I didn’t become a journalist to tweet. That platform didn’t exist when I started, back in the early 2000s. It would have seemed alien at the newspaper where we used a waxer and X-Acto knives to collage together the broadsheet pages before sending them off to the printer. I know this makes me sound positively geriatric. I’m honestly fine with that.
Of course, I’m grateful that Twitter has allowed my work to reach far beyond the corners of the Northwest where I live, and don’t deny that its megaphonic properties have helped me get new assignments from editors who’d never consider hiring a blue-haired journalist from Oregon. But the way Twitter spreads disinformation, and rewards half-assed work, or no work at all, or gives confounding weight to people who cosplay as journalists — I have lost all interest in participating in it.
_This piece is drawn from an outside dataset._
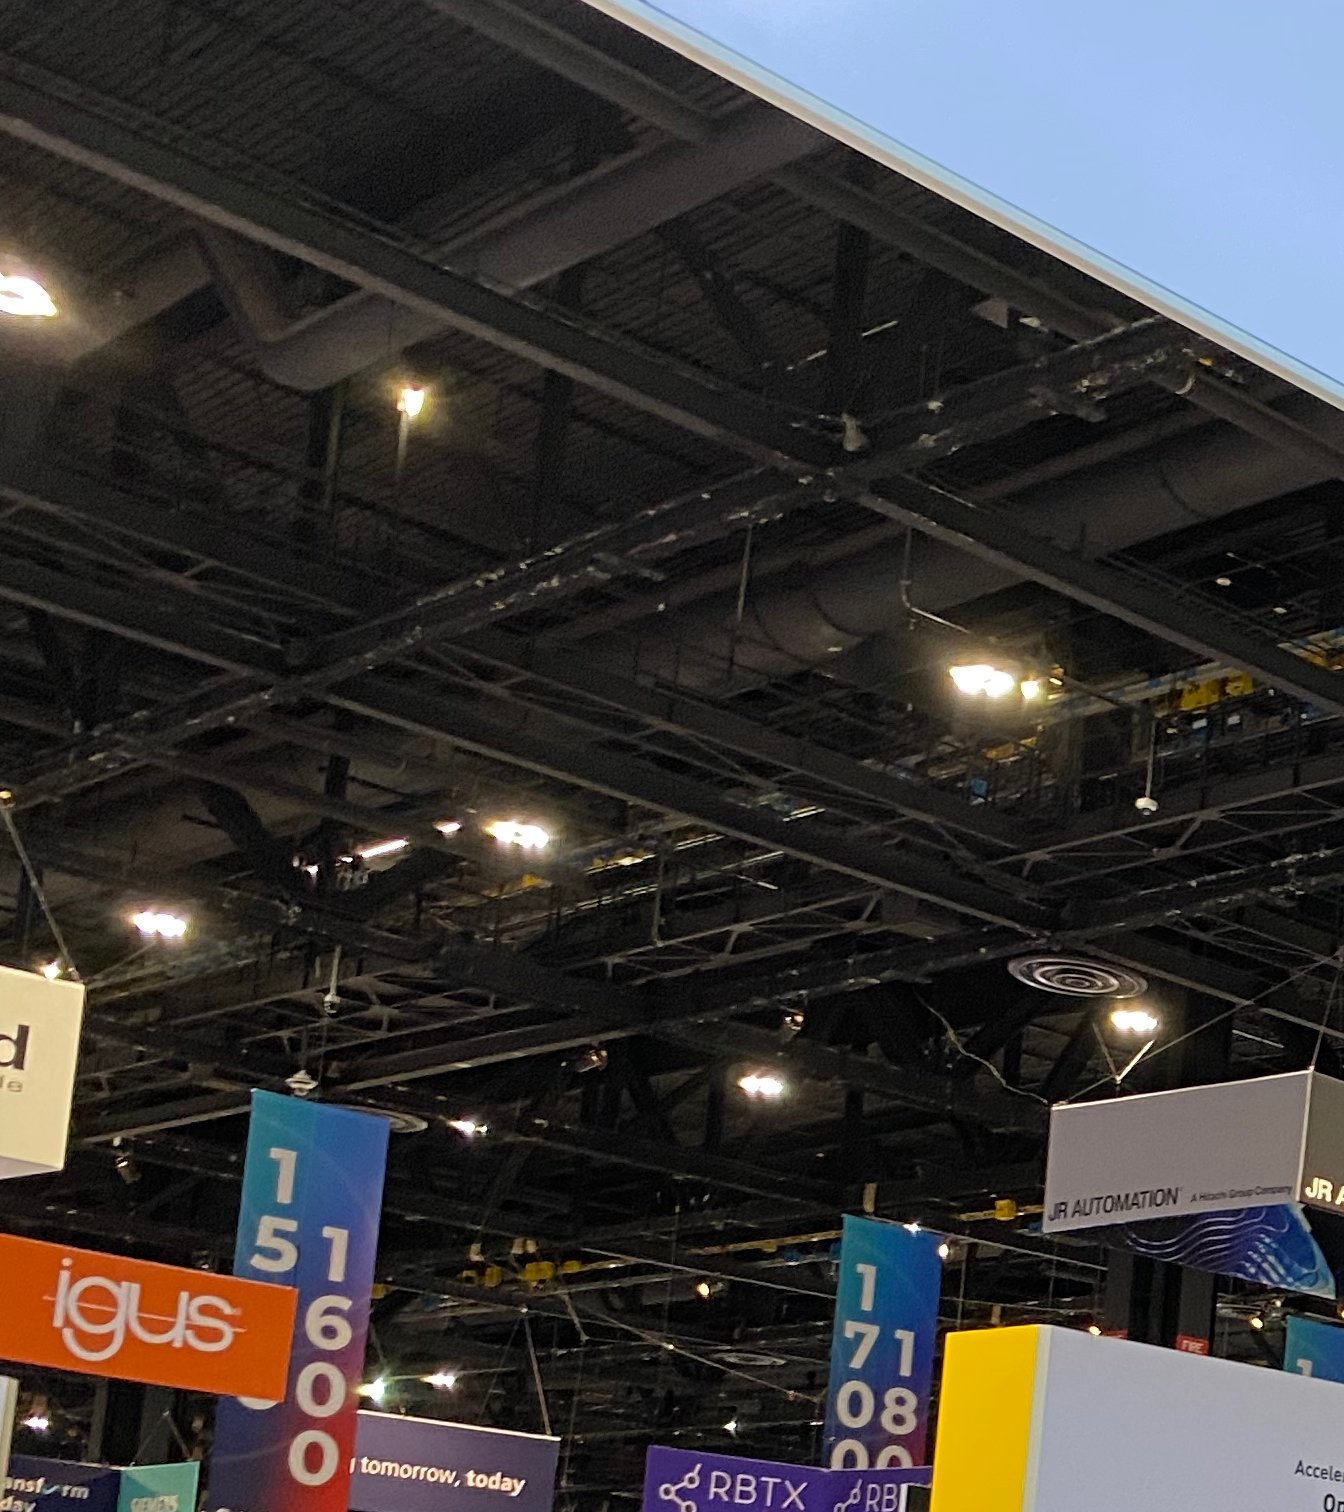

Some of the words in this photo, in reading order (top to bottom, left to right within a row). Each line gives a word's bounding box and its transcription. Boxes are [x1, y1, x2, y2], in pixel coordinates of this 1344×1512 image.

If it was a party, I would have left my beer and snuck out the door years ago.
I also didn’t become a journalist to talk about the labor economics of the crippled industry, even though I talk about that more than I’d like to. I am required to be a business person in order to stay independent, but I don’t like this part of my reality. I wish news outlets treated freelancers better, but, as they say, you can wish in one hand and shit in the other and see which one fills up first. I don’t see that reality changing anytime soon.
It is very obvious to say, but I became a journalist to write. And quarantine has been a major hurdle for me in making the kinds of journalism I want to make. In this regard, I am not unique. Since March, I’ve been mostly at home, reporting very little out in the world, figuring out workarounds to the way I usually do the job. Like everyone, I’ve been trying to figure out how to do it safely, feeling stymied by all the obstacles and my overall lack of movement, feeling confused over what the place of a writes-too-long freelancer like myself is in today’s media climate. What’s my role? What’s my obligation?
As I’ve watched the leaves begin to turn outside my office window, I knew I had to make a choice on a story I’ve been working on for months: I could continue to report it out from the other end of a phone line, or I could go. Go now — knowing that COVID will only get worse, knowing that the places I need to go will soon be difficult to reach as the temperature plummets. So I went for it. Got in the car, drove for two days straight to get what I need to sustain my writing on this topic through what I imagine will be a very long winter.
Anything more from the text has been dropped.